Please restate each line of the material word for word and omit any pictures.

————————

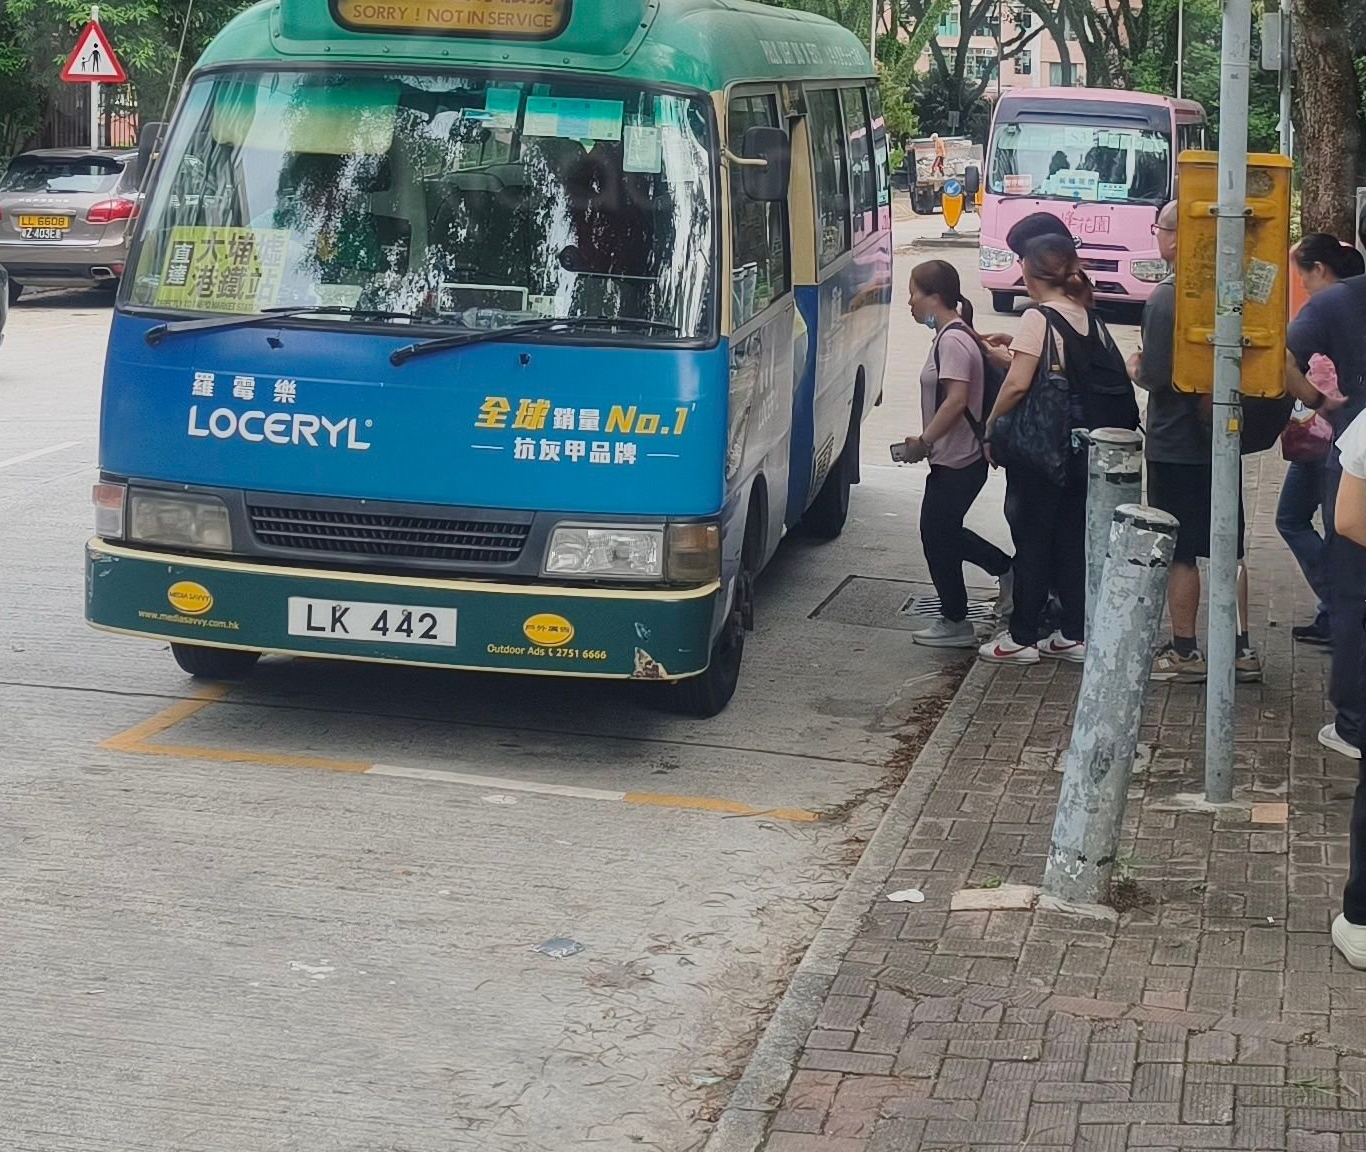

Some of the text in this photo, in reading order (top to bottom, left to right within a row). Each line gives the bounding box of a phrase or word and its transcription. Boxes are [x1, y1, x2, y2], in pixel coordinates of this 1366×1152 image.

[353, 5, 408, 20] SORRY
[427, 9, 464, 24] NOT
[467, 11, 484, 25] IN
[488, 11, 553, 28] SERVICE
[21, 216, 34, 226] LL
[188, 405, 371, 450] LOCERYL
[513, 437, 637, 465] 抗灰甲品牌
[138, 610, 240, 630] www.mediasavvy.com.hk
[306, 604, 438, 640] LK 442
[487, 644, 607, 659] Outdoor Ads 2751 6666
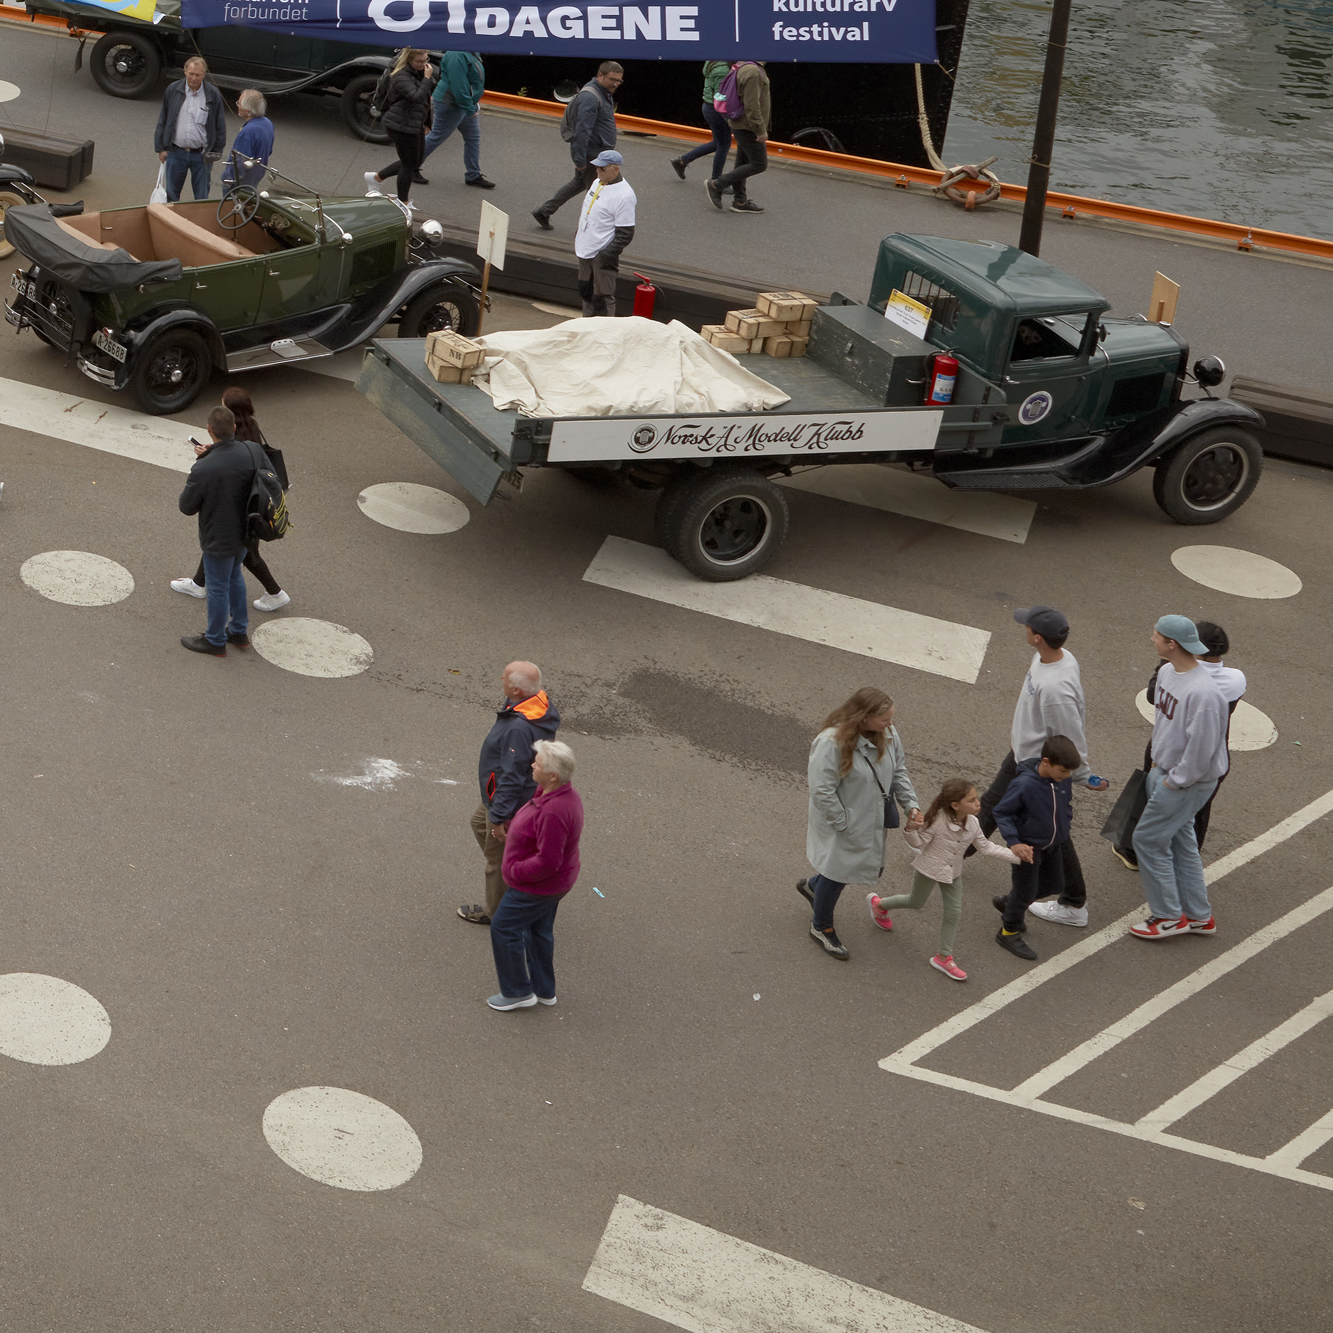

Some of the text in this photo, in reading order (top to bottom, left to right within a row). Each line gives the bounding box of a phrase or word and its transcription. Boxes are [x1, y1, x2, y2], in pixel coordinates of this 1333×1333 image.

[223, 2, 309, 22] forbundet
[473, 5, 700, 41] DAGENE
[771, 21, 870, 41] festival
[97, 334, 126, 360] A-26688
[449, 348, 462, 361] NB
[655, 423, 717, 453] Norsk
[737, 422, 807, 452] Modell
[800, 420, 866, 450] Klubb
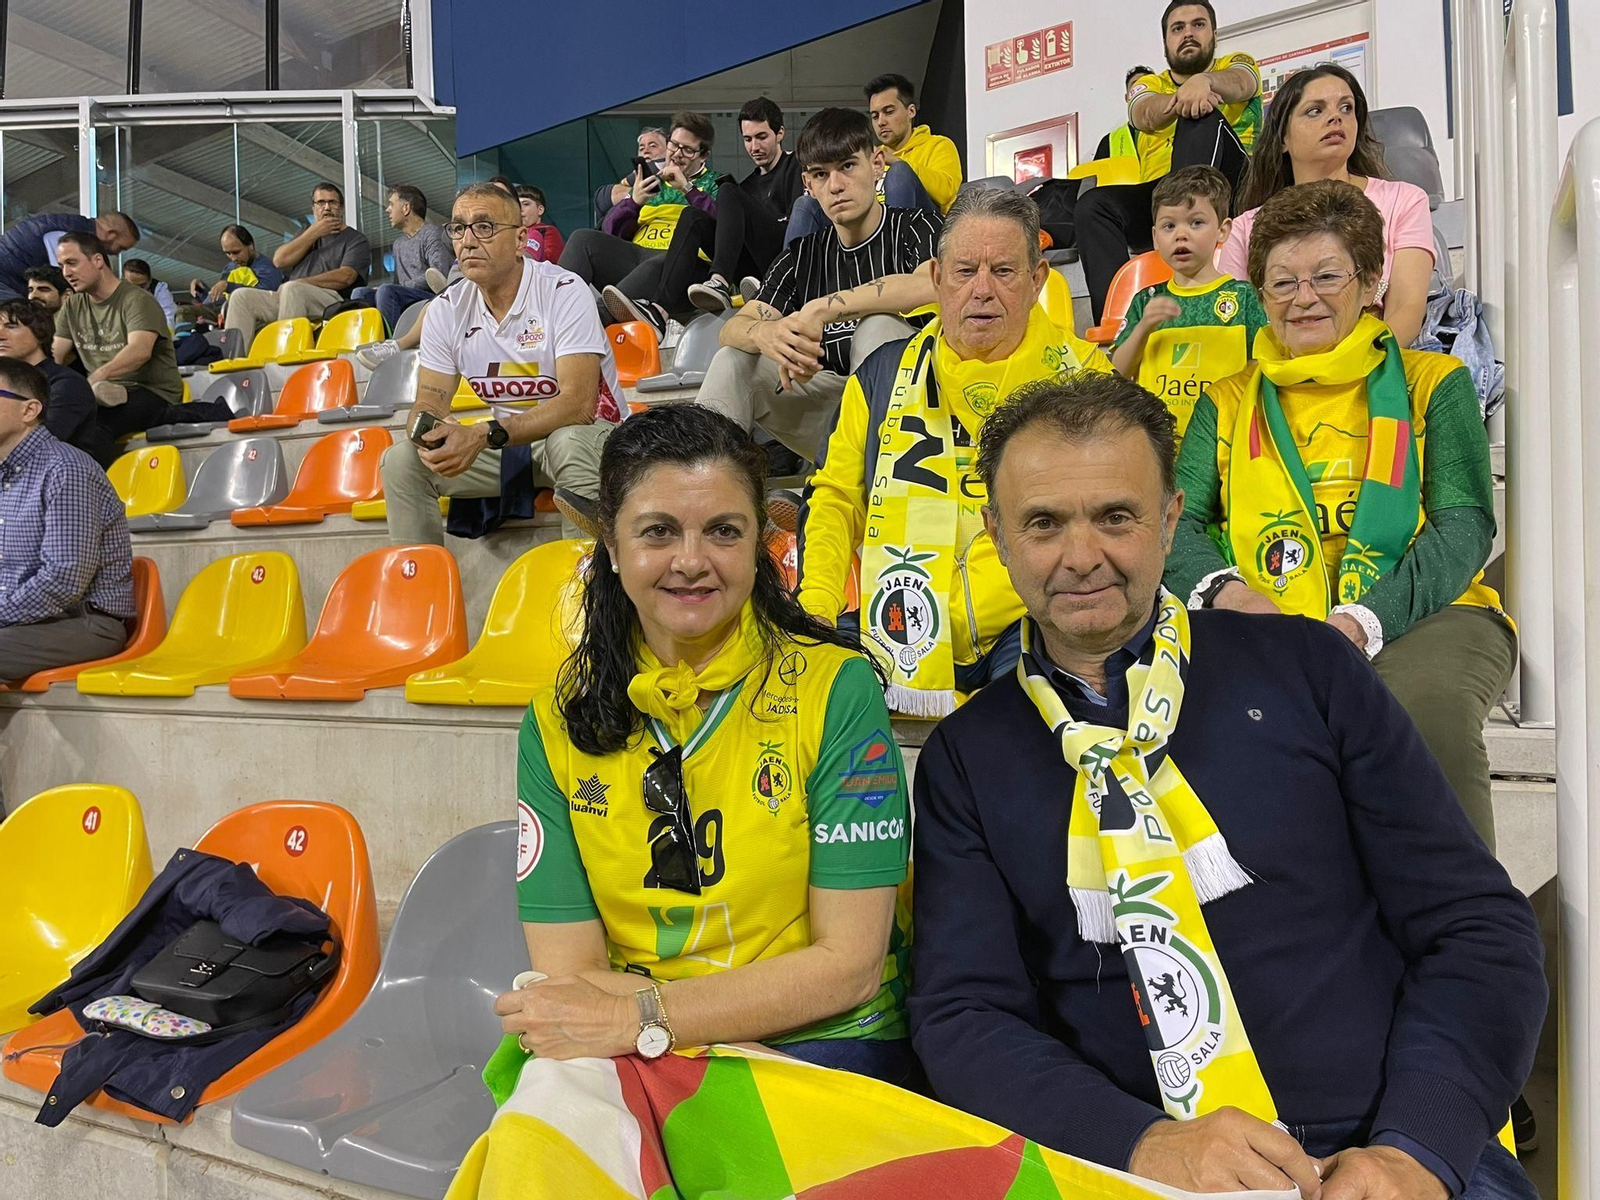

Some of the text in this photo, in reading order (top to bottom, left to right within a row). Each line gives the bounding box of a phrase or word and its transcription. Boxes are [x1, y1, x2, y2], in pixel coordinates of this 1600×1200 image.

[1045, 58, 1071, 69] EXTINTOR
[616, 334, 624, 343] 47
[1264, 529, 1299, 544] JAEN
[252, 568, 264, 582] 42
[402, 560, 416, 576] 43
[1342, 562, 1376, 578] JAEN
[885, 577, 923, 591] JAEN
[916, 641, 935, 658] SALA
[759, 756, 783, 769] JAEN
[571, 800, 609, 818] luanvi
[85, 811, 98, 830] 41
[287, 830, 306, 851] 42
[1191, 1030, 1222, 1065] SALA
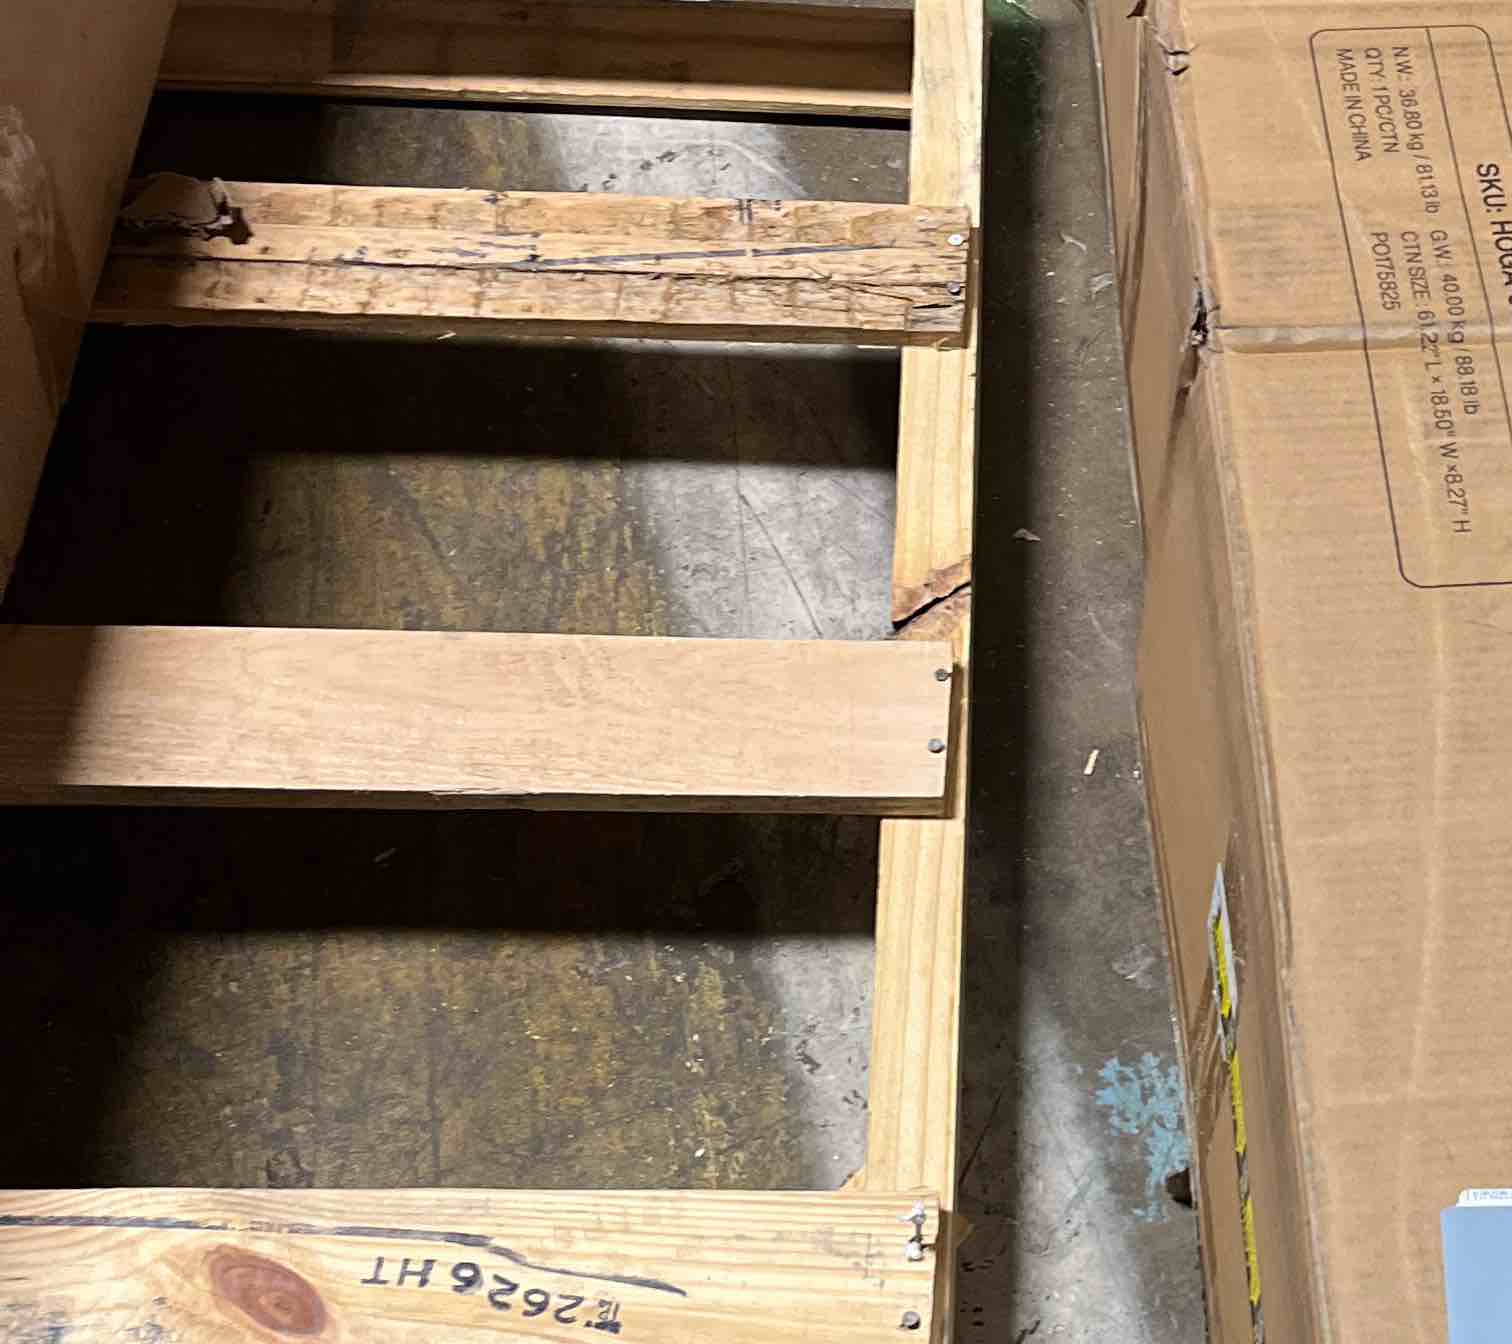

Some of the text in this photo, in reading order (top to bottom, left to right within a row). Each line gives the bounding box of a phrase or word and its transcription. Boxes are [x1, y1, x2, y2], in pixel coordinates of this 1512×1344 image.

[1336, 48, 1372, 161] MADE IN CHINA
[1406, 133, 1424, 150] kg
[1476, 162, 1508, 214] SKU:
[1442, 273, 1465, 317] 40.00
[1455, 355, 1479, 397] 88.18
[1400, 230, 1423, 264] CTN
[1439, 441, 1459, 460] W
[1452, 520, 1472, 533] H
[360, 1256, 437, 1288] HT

————————

● Result for this exercise
Some of the text in this photo, in reading order (top to bottom, left to right within a row). Each line gives the bounding box of a phrase or word and its transcription. Boxes are [x1, y1, x2, y2], in pixel coordinates of this 1366×1152 image.

[353, 5, 408, 20] SORRY
[427, 9, 464, 24] NOT
[467, 11, 484, 25] IN
[488, 11, 553, 28] SERVICE
[21, 216, 34, 226] LL
[188, 405, 371, 450] LOCERYL
[513, 437, 637, 465] 抗灰甲品牌
[138, 610, 240, 630] www.mediasavvy.com.hk
[306, 604, 438, 640] LK 442
[487, 644, 607, 659] Outdoor Ads 2751 6666

Some of the text in this photo, in reading order (top to bottom, left to right within a row). Each line gives the bounding box of a phrase or word and its transcription. Boxes are [x1, y1, x2, y2], in pixel coordinates of this 1333×1333 image.

[223, 2, 309, 22] forbundet
[473, 5, 700, 41] DAGENE
[771, 21, 870, 41] festival
[97, 334, 126, 360] A-26688
[449, 348, 462, 361] NB
[655, 423, 717, 453] Norsk
[737, 422, 807, 452] Modell
[800, 420, 866, 450] Klubb

Some of the text in this photo, in reading order (top to bottom, left to right within a row). Each line gives the bounding box of a phrase or word and its transcription. Boxes are [x1, y1, x2, y2], in pixel coordinates of this 1600×1200 image.

[1045, 58, 1071, 69] EXTINTOR
[616, 334, 624, 343] 47
[1264, 529, 1299, 544] JAEN
[252, 568, 264, 582] 42
[402, 560, 416, 576] 43
[1342, 562, 1376, 578] JAEN
[885, 577, 923, 591] JAEN
[916, 641, 935, 658] SALA
[759, 756, 783, 769] JAEN
[571, 800, 609, 818] luanvi
[85, 811, 98, 830] 41
[287, 830, 306, 851] 42
[1191, 1030, 1222, 1065] SALA

Some of the text in this photo, in reading order (top to bottom, left to right within a row). Each line gives the bounding box of a phrase or word and its transcription. Boxes are [x1, y1, x2, y2], in pixel coordinates of this 1512×1344 image.

[1336, 48, 1372, 161] MADE IN CHINA
[1406, 133, 1424, 150] kg
[1476, 162, 1508, 214] SKU:
[1442, 273, 1465, 317] 40.00
[1455, 355, 1479, 397] 88.18
[1400, 230, 1423, 264] CTN
[1439, 441, 1459, 460] W
[1452, 520, 1472, 533] H
[360, 1256, 437, 1288] HT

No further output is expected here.